Nami Başer

On çeviri ve beş redaksiyon sonrasında, çeviri üzerine bir iki ilkeye parmak basmak gerekirse, şunları öne sürebilirim:

Birincisi kendi kendime, yazar Türk olsaydı acaba bu söylediğini nasıl dile getirirdi, diye sorarım. Böylece “çeviri kokuyor” diye bir eleştiriden (başkalarının çevirilerine en çok böyle karşı gelirim) kaçındığımı düşünürüm. Buna somut bir örnek verebilirsem, neyi kastettiğim daha kesin bir açıklamaya kavuşur sanırım. Jean Genet’nin Zenciler’’ini çevirdiğim zaman metni bir kere çevirdikten sonra, Galatasaray Üniversitesi tiyatro kolu olarak bu oyunu aynı zamanda sahneye koyuyorduk. Ama provalar sırasında oyuncuların bazı cümleleri telaffuz ederken güçlük çektiklerini saptadım. Çeviri içerik olarak doğruydu ama oyuncunun o cümleyi söylediği  sırada -içlerinden birinin dediği gibi- dili dönmüyordu. O zaman oturup aynı cümleyi Türkçeye yeniden çevirmeye başladım. İçerik aynı kalıyordu ama Türkçeye özgü bir deyiş kazanıyordu.

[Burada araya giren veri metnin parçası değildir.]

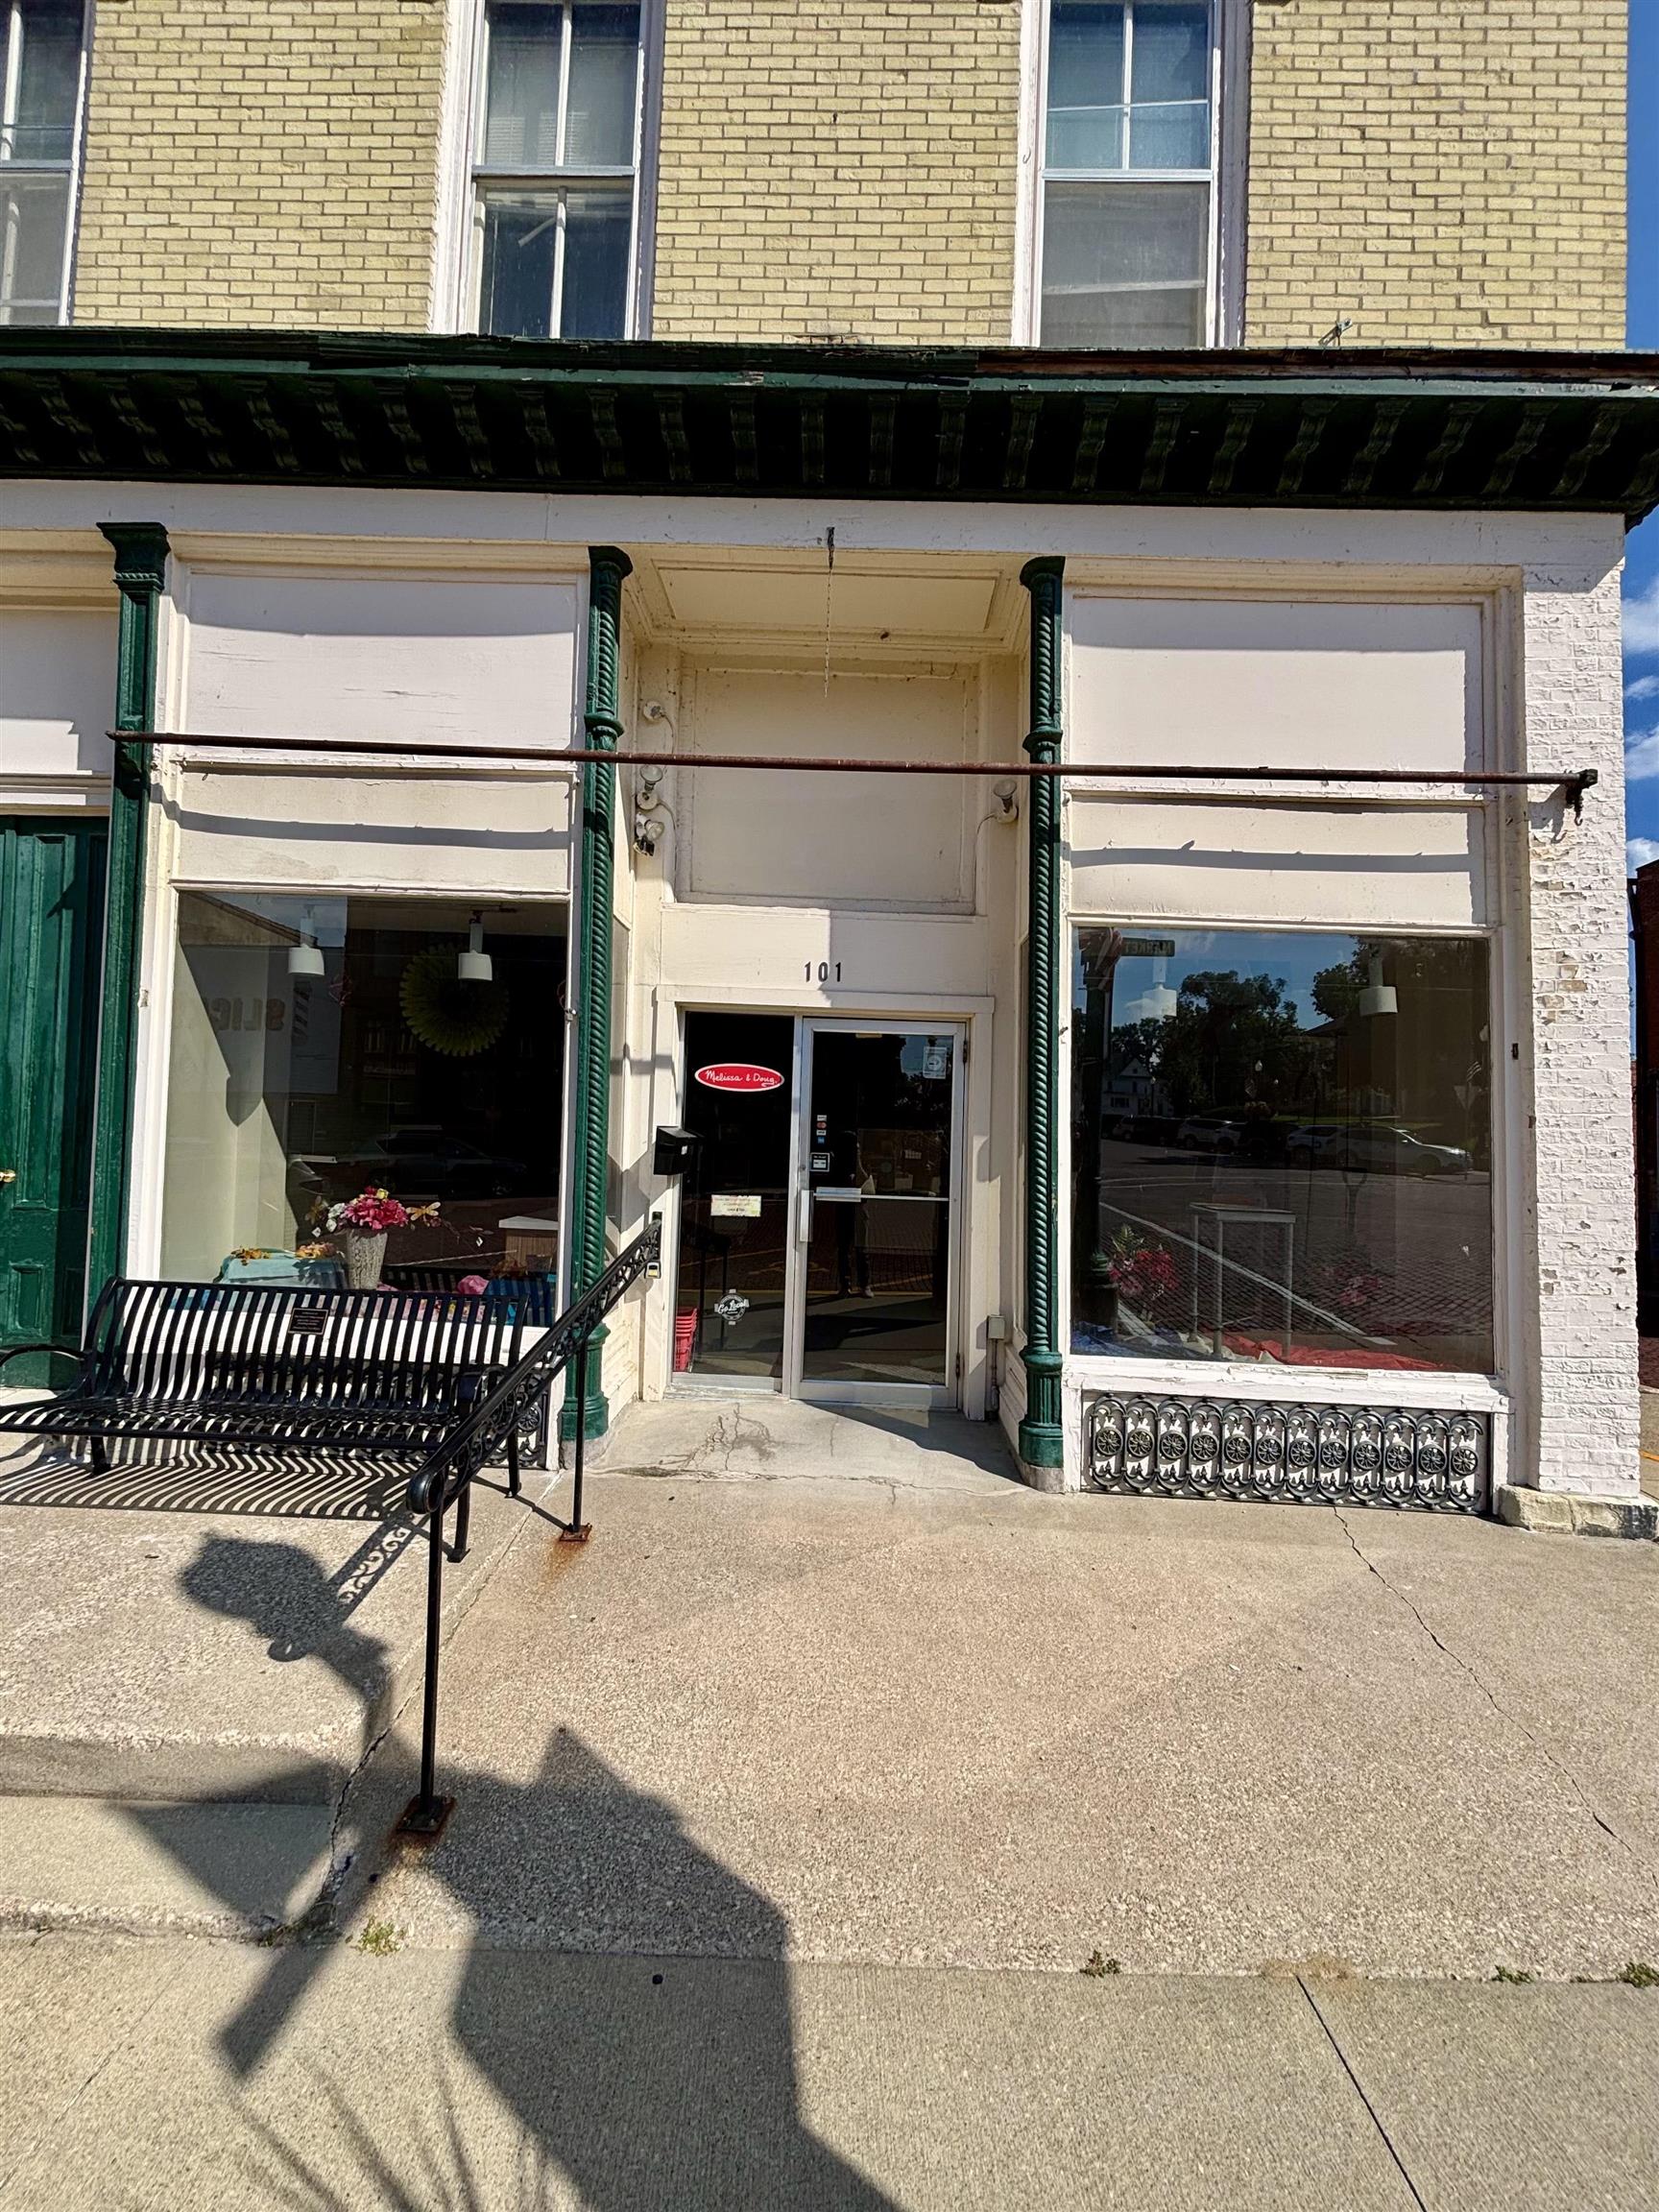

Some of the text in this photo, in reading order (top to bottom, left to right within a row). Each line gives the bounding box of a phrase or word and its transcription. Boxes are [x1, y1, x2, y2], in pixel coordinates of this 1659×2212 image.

[805, 961, 841, 982] 101
[705, 1070, 743, 1083] Melissa
[745, 1073, 752, 1082] &

Elbette bu nokta bir tür sırat köprüsüdür. Türkçe’ye yaklaştırırken, bu sefer de metni kendi dilinden tamamen uzaklaştırabiliriz. Şiirde bu durum daha tehlikeli. Kaynak dilde hiç kullanılmayan bir takım sözleri eklemek bir yere kadar kabul edilebilir çünkü şiire özgü vezin ve kafiye zorunlulukları böyle bir tutumu gerektirebilir ama bunda da elbette bir ölçü gerekir. Her dilin kendine özgü bir dehası vardır. Onu yakalayabilmek bir yandan esinle ilgilidir, bir yandan da bildiğiniz dillerdeki uygulama, çalışma, alan çokluğuyla.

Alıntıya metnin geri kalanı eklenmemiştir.